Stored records
■ ■ ■

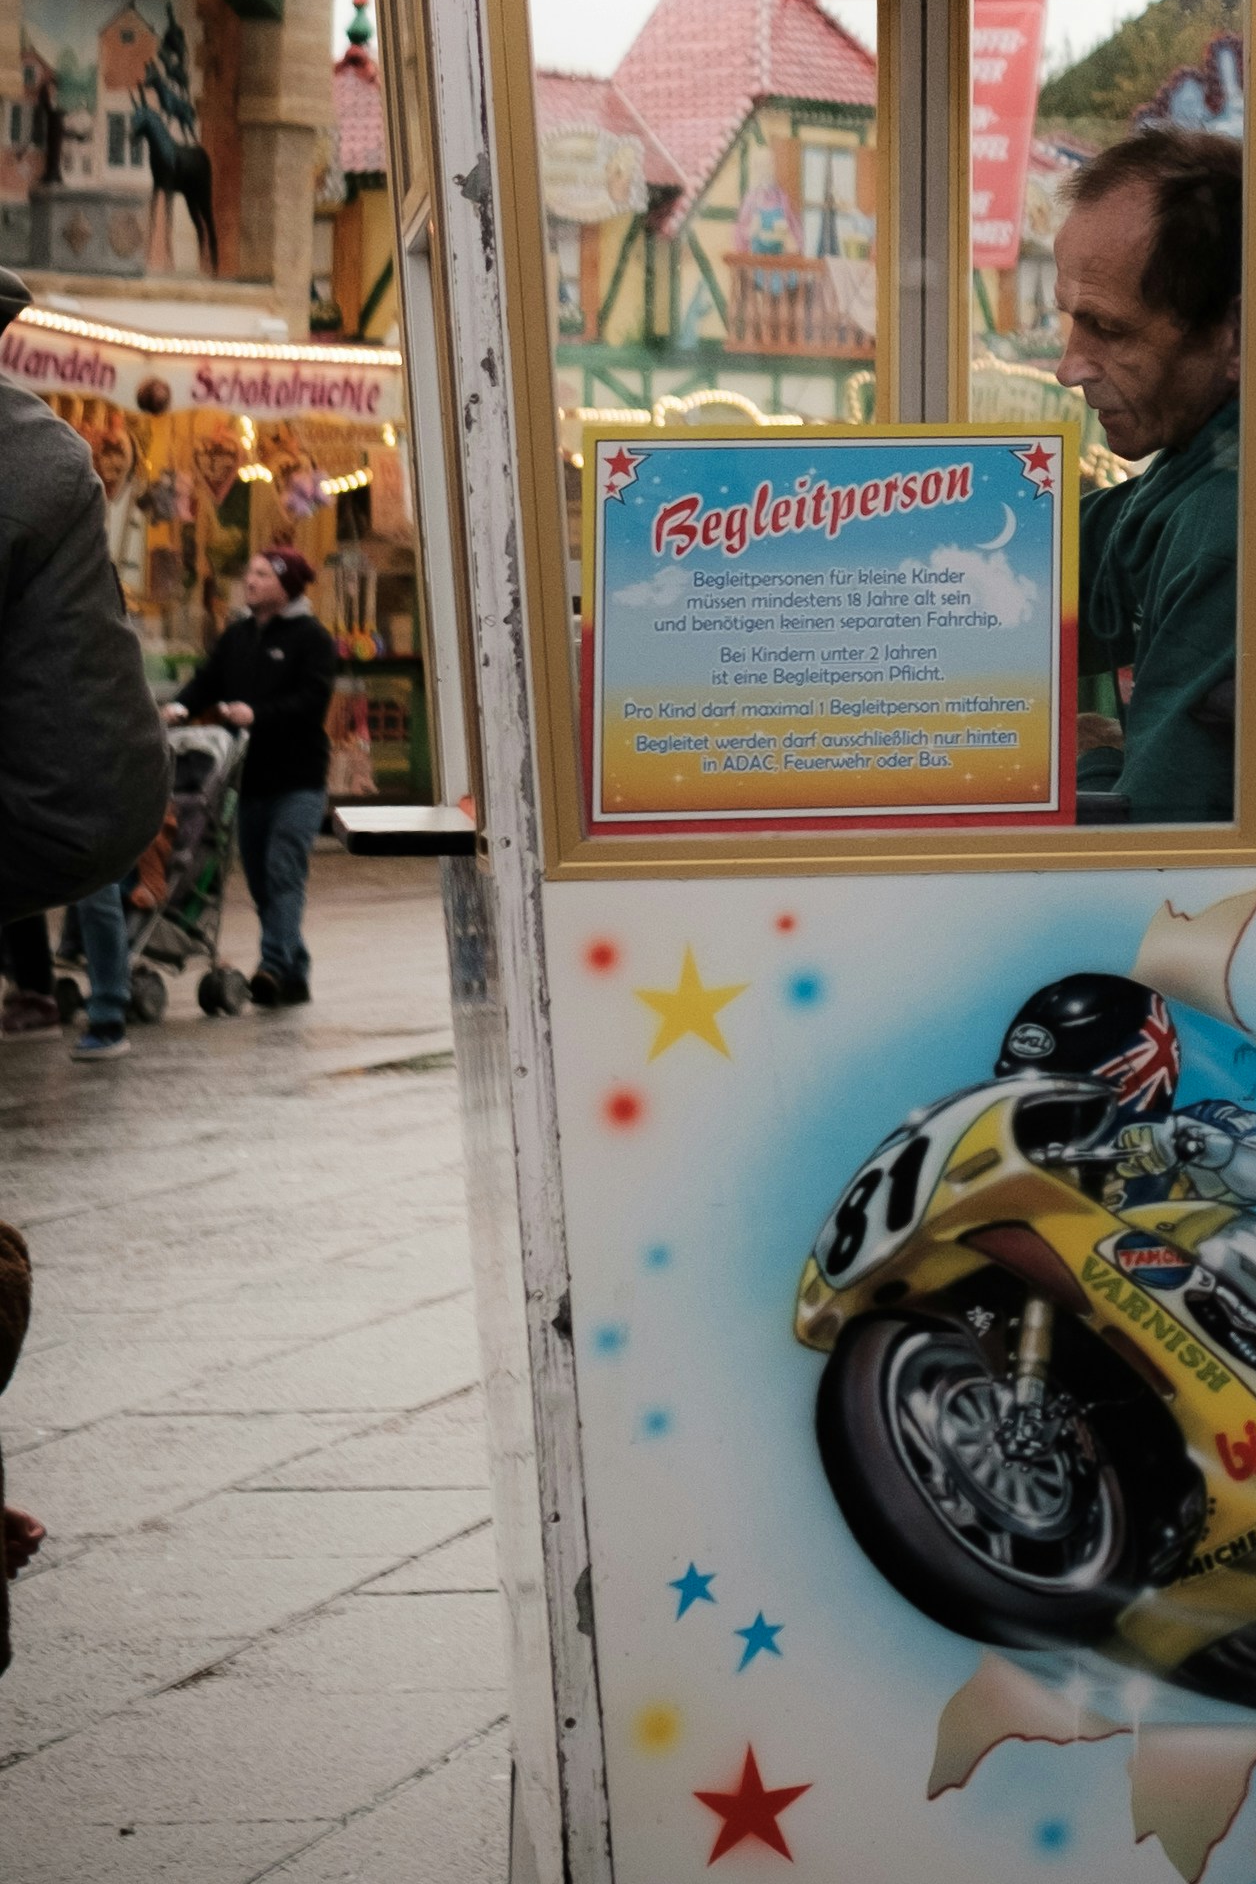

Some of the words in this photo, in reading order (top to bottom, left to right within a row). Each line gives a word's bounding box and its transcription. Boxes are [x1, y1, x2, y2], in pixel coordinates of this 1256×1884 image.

[654, 463, 972, 557] Begleitperson
[693, 571, 825, 588] Begleitpersonen
[830, 570, 853, 585] für
[858, 569, 906, 584] kleine
[912, 569, 965, 584] Kinder
[687, 592, 746, 609] müssen
[751, 591, 842, 608] mindestens
[847, 592, 862, 607] 18
[866, 591, 909, 607] Jahre
[914, 590, 936, 605] alt
[941, 590, 971, 605] sein
[654, 616, 687, 632] und
[692, 615, 774, 635] benötigen
[780, 614, 835, 630] keinen
[840, 614, 922, 633] separaten
[927, 612, 1002, 630] Fahrchip.
[721, 647, 746, 662] Bei
[751, 647, 816, 662] Kindern
[821, 646, 864, 661] unter
[869, 646, 879, 661] 2
[884, 645, 937, 660] Jahren
[712, 669, 728, 685] ist
[732, 669, 767, 684] eine
[773, 668, 884, 686] Begleitperson
[889, 666, 944, 682] Pflicht.
[624, 704, 653, 719] Pro
[659, 703, 696, 718] Kind
[702, 702, 737, 718] darf
[742, 701, 814, 717] maximal
[819, 702, 825, 715] 1
[830, 699, 940, 717] Begleitperson
[945, 698, 1030, 713] mitfahren.
[636, 735, 710, 754] Begleitet
[715, 735, 777, 750] werden
[783, 733, 817, 748] darf
[822, 731, 928, 748] ausschließlich
[934, 732, 962, 746] nur
[967, 729, 1017, 744] hinten
[703, 756, 718, 772] in
[784, 754, 871, 770] Feuerwehr
[877, 754, 914, 768] oder
[919, 752, 952, 767] Bus.
[826, 1135, 931, 1277] 81
[1080, 1255, 1233, 1393] VARNISH
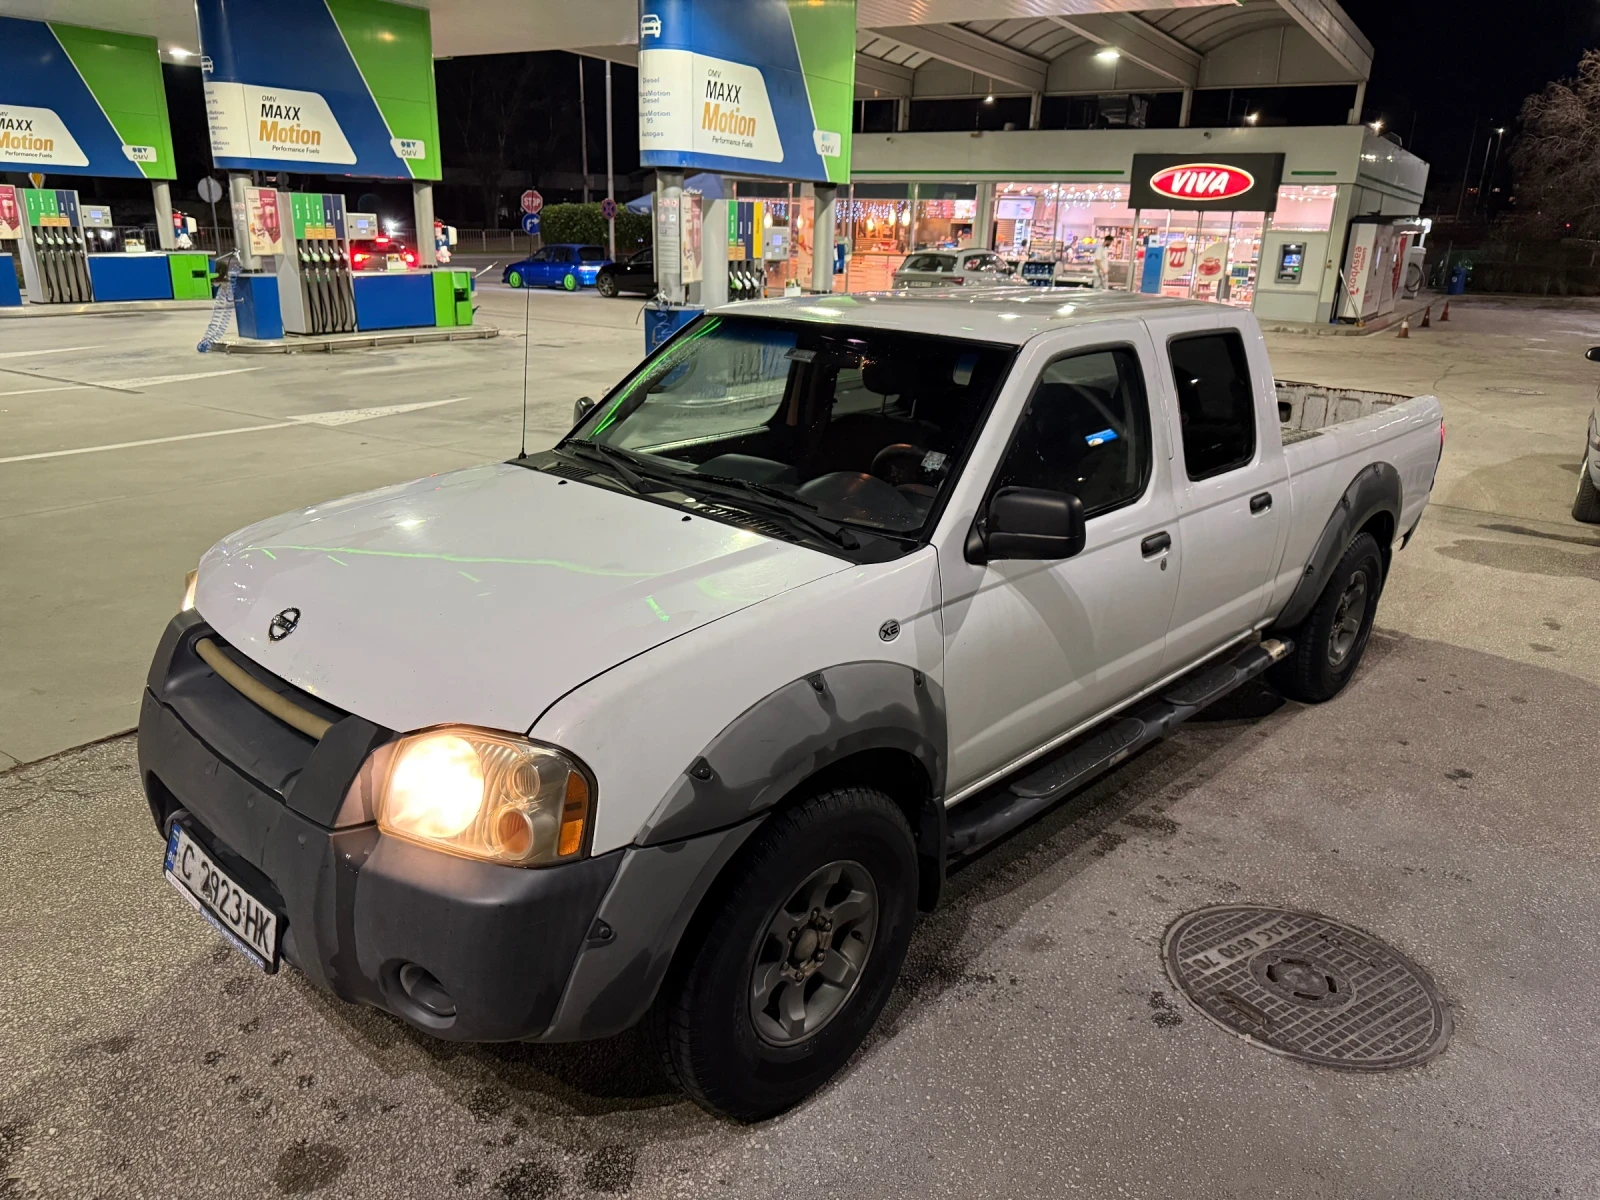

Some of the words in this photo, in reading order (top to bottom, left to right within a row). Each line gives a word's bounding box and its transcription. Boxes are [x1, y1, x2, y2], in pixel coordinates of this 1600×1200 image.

[708, 69, 722, 79] OMV
[261, 95, 277, 103] OMV
[705, 79, 742, 104] MAXX
[260, 103, 301, 121] MAXX
[701, 101, 757, 138] Motion
[0, 131, 54, 151] Motion
[259, 120, 321, 146] Motion
[711, 135, 741, 147] Performance
[741, 140, 754, 149] Fuels
[272, 145, 305, 154] Performance
[401, 149, 418, 157] OMV
[1171, 170, 1230, 194] VIVA
[523, 197, 541, 207] STOP
[1349, 246, 1363, 289] easybox
[881, 624, 899, 639] XE
[182, 844, 195, 881] C
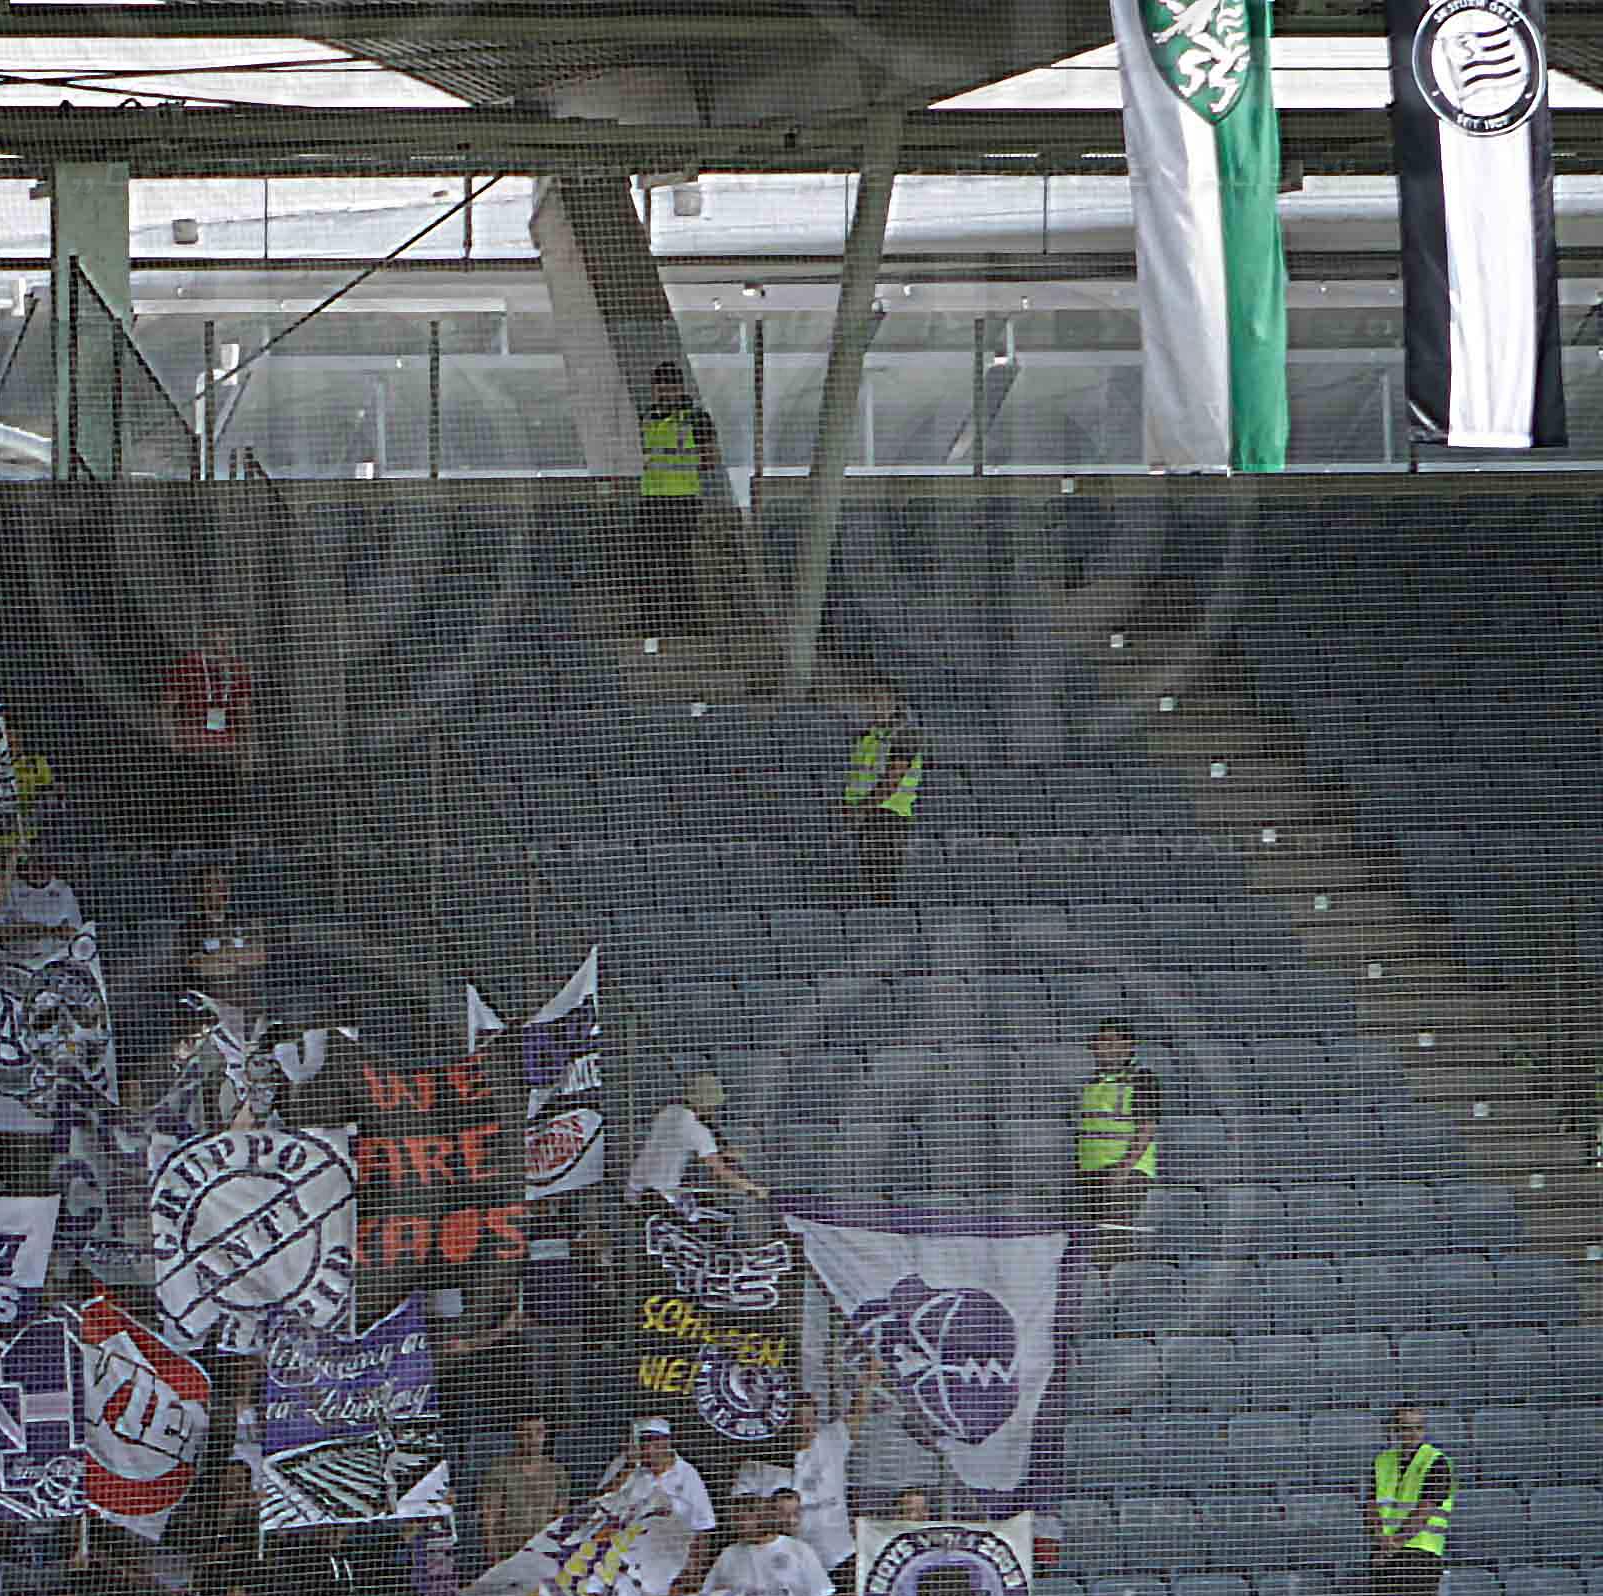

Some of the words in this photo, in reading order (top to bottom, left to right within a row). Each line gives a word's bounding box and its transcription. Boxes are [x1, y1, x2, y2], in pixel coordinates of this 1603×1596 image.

[362, 1053, 493, 1114] WE
[357, 1123, 501, 1186] ARE
[194, 1194, 309, 1294] ANTI

■ ■ ■

WHAT THE TASK REQUIRES
With the pictures omitted, reproduce the data above exactly.

SOLUTION TO THE PROBLEM
Some of the words in this photo, in reading order (top to bottom, left to right within a row). Each line gives a word's bounding box and its transcription. Boxes are [x1, y1, x2, y2], in pixel coordinates of this 1256×1884 image.

[654, 463, 972, 557] Begleitperson
[693, 571, 825, 588] Begleitpersonen
[830, 570, 853, 585] für
[858, 569, 906, 584] kleine
[912, 569, 965, 584] Kinder
[687, 592, 746, 609] müssen
[751, 591, 842, 608] mindestens
[847, 592, 862, 607] 18
[866, 591, 909, 607] Jahre
[914, 590, 936, 605] alt
[941, 590, 971, 605] sein
[654, 616, 687, 632] und
[692, 615, 774, 635] benötigen
[780, 614, 835, 630] keinen
[840, 614, 922, 633] separaten
[927, 612, 1002, 630] Fahrchip.
[721, 647, 746, 662] Bei
[751, 647, 816, 662] Kindern
[821, 646, 864, 661] unter
[869, 646, 879, 661] 2
[884, 645, 937, 660] Jahren
[712, 669, 728, 685] ist
[732, 669, 767, 684] eine
[773, 668, 884, 686] Begleitperson
[889, 666, 944, 682] Pflicht.
[624, 704, 653, 719] Pro
[659, 703, 696, 718] Kind
[702, 702, 737, 718] darf
[742, 701, 814, 717] maximal
[819, 702, 825, 715] 1
[830, 699, 940, 717] Begleitperson
[945, 698, 1030, 713] mitfahren.
[636, 735, 710, 754] Begleitet
[715, 735, 777, 750] werden
[783, 733, 817, 748] darf
[822, 731, 928, 748] ausschließlich
[934, 732, 962, 746] nur
[967, 729, 1017, 744] hinten
[703, 756, 718, 772] in
[784, 754, 871, 770] Feuerwehr
[877, 754, 914, 768] oder
[919, 752, 952, 767] Bus.
[826, 1135, 931, 1277] 81
[1080, 1255, 1233, 1393] VARNISH

Some of the words in this photo, in reading order (top to bottom, left to right within a row). Each line gives a word's bounding box and its transcription. Boxes are [x1, y1, x2, y2], in pixel coordinates of this 1600×1200 image.

[708, 69, 722, 79] OMV
[261, 95, 277, 103] OMV
[705, 79, 742, 104] MAXX
[260, 103, 301, 121] MAXX
[701, 101, 757, 138] Motion
[0, 131, 54, 151] Motion
[259, 120, 321, 146] Motion
[711, 135, 741, 147] Performance
[741, 140, 754, 149] Fuels
[272, 145, 305, 154] Performance
[401, 149, 418, 157] OMV
[1171, 170, 1230, 194] VIVA
[523, 197, 541, 207] STOP
[1349, 246, 1363, 289] easybox
[881, 624, 899, 639] XE
[182, 844, 195, 881] C

Some of the words in this photo, in reading order (top to bottom, left to right within a row). Each line gives a word's bounding box and its transcription. Boxes are [x1, y1, x2, y2], in pixel coordinates of this 1603×1596 image.

[362, 1053, 493, 1114] WE
[357, 1123, 501, 1186] ARE
[194, 1194, 309, 1294] ANTI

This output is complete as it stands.